Motorola is apparently not content to tether its lifeline on Google’s Android operating system alone.

According to InformationWeek, and confirmed by industry analysts, Motorola has hired engineers from Apple and Adobe to forge a mobile operating system as an alternative to Android.

Motorola, it seems, is no longer willing to place all its chips in the Android camp. Without denying the story, Motorola told me the same thing it told InfoWeek: “Motorola is committed to Android.”

Why isn’t Android enough for Motorola?

Let’s step back a second. Android, along with some nifty smartphones, has served Motorola well. In the October quarter, Motorola’s Android-based Droid X and Droid 2 helped buoy the phone maker to a $109 million profit for the third quarter. Revenues hit $4.9 billion, up 13 percent from Q3 2009.

People aren’t buying those phones because they say Motorola; they’re buying them because they run Android and Google apps.

But while there are a lot of hardware makers – Samsung, HTC, LG, etc. – who make Android phones, none of them does so exclusively the way Motorola does.

Take it from Deutsche Bank analyst Jonathan Goldberg, who told the publication: “Nobody wants to rely on a single supplier.”

This becomes more salient when you consider the claims from patent experts that Android is at the mercy of Oracle, which is suing Google for patent and copyright infringement because the OS borrows heavily from Java.

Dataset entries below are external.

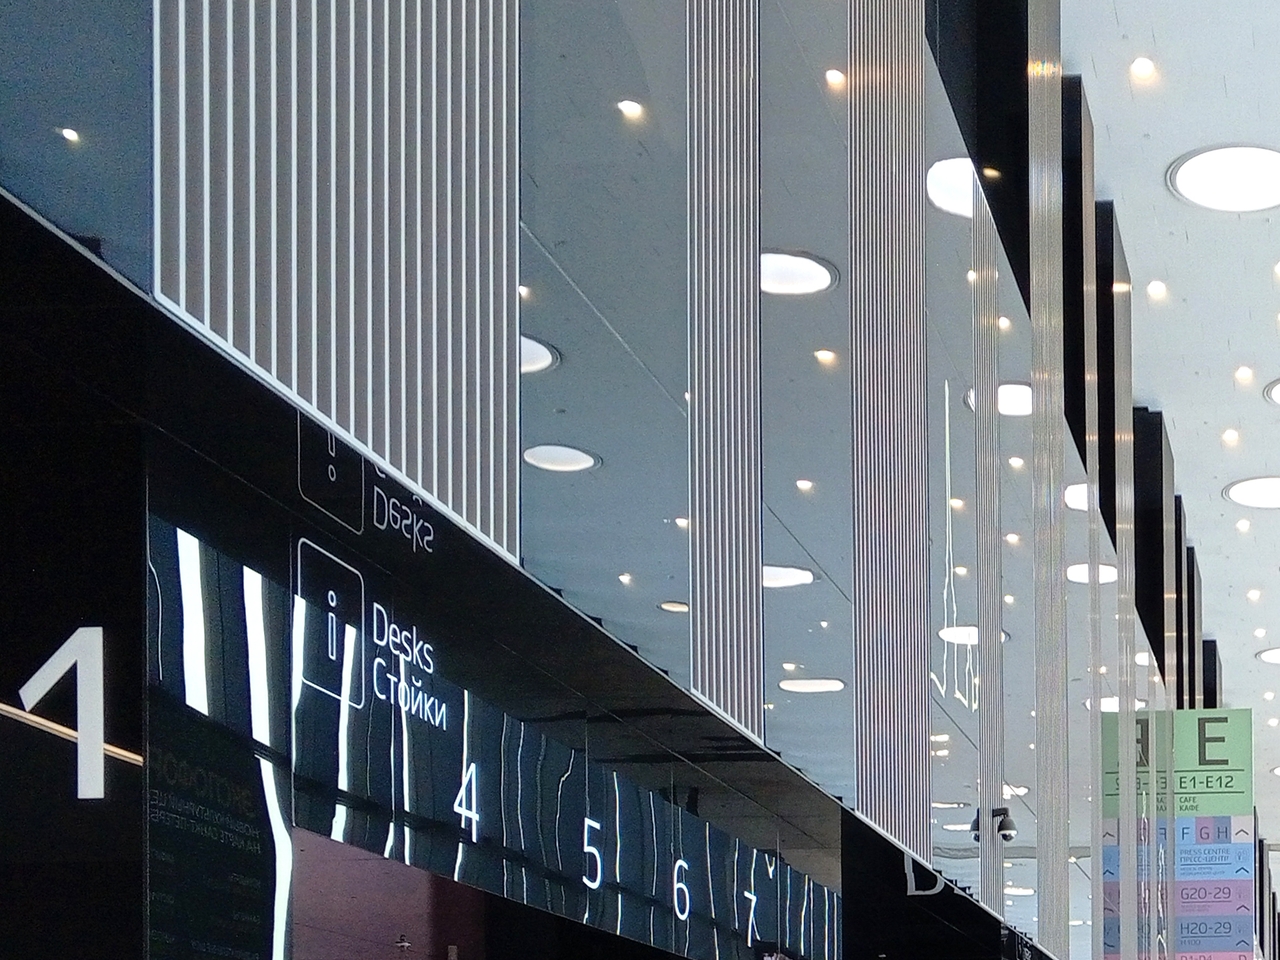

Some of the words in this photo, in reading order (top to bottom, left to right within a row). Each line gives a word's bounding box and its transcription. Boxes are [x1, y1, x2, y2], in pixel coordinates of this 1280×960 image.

[373, 601, 434, 674] Desks
[18, 626, 104, 799] 1
[373, 657, 447, 731] Стойки
[1198, 716, 1229, 766] E
[453, 762, 480, 843] 4
[1179, 775, 1234, 790] E1-E12
[1179, 796, 1197, 804] CAFE
[1179, 804, 1199, 812] КАФЕ
[582, 818, 602, 890] 5
[1181, 827, 1191, 841] F
[1199, 826, 1210, 841] G
[1217, 826, 1228, 840] H
[673, 859, 690, 921] 6
[1180, 887, 1232, 901] G20-29
[743, 890, 757, 948] 7
[1180, 921, 1232, 935] H20-29

With this threat looming, plus the omnipresent fragmentation elephant in the room [Yikes! a fragmentation elephant! take cover! – Editor], why wouldn’t Motorola have a backup?

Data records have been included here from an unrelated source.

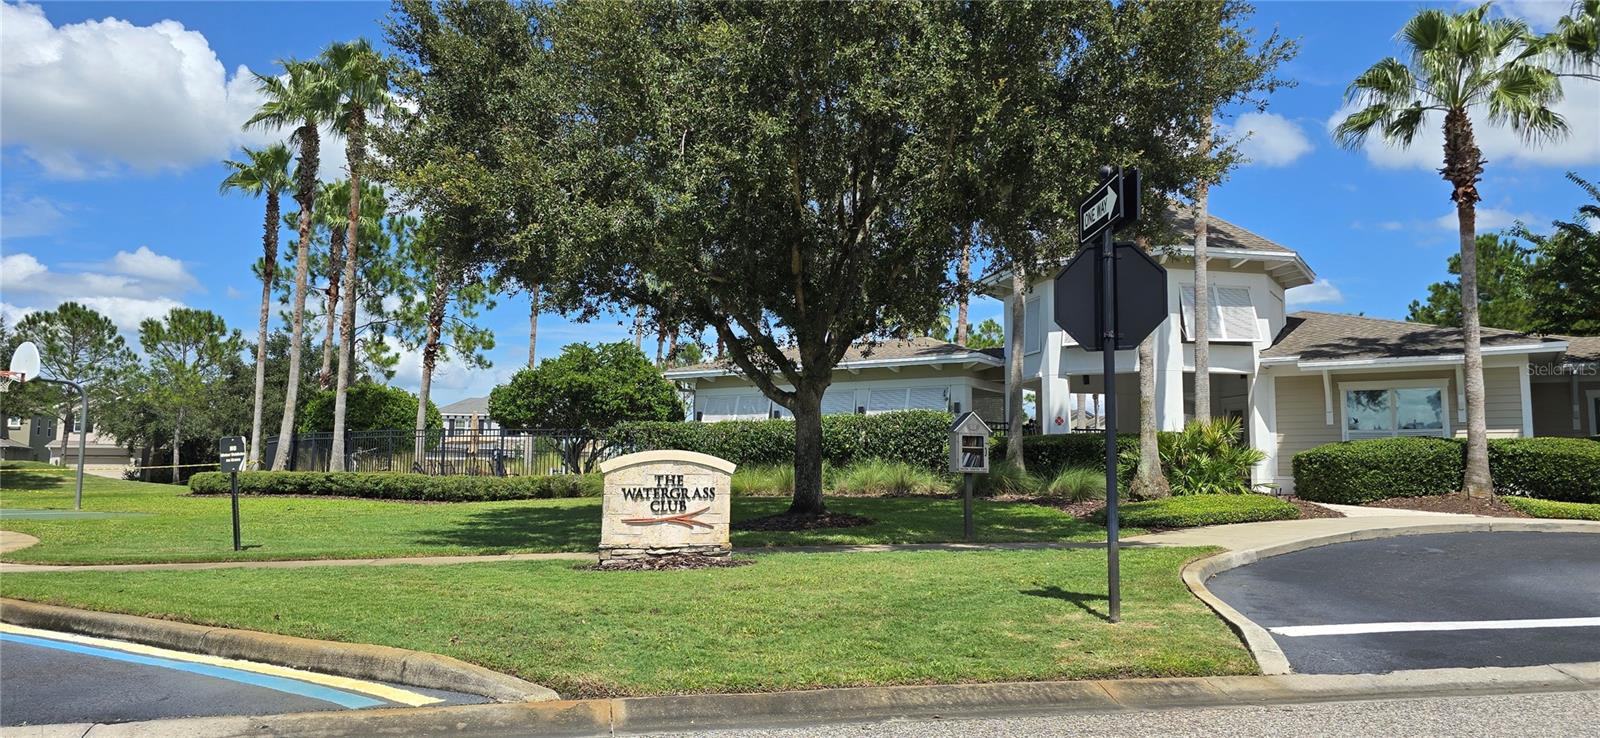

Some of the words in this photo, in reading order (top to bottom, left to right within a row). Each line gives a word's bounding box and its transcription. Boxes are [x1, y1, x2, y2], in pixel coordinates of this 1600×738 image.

[1084, 207, 1096, 228] ONE
[1097, 197, 1108, 219] WAY
[654, 474, 684, 487] THE
[621, 487, 716, 502] WATERGRASS
[650, 501, 687, 513] CLUB

And yet … I don’t think building a new OS, if the buzz is to be believed, is the answer.

We don’t need another OS. Sure, choices are great, but everybody is buying Android, iPhone or BlackBerry these days. When was the last time you heard a non-Microsoft or HP employee say they bought a phone with Windows Phone 7 or HP WebOS?

To that end, maybe Motorola can hitch its wagon to a fresh OS from an established player: Microsoft Windows Phone 7.

That’s right. If Motorola is so concerned about being wed to Android I think the phone maker should re-embrace Microsoft WP7, a fine upstart OS that could use the exposure.

Didn’t Motorola abandon Windows Mobile (tits former favourite) for Android? Yeah, I know, irony alert. But building a new platform is not the way to go. Look at Nokia, latching on to WP7 as Symbian falters. [And as we said yesterday, Nokia itself looks like having an affair with a different OS – Editor

Whatever the case, I wish Motorola luck. I loved my Razr and I love my Droid X. Rock on, Moto.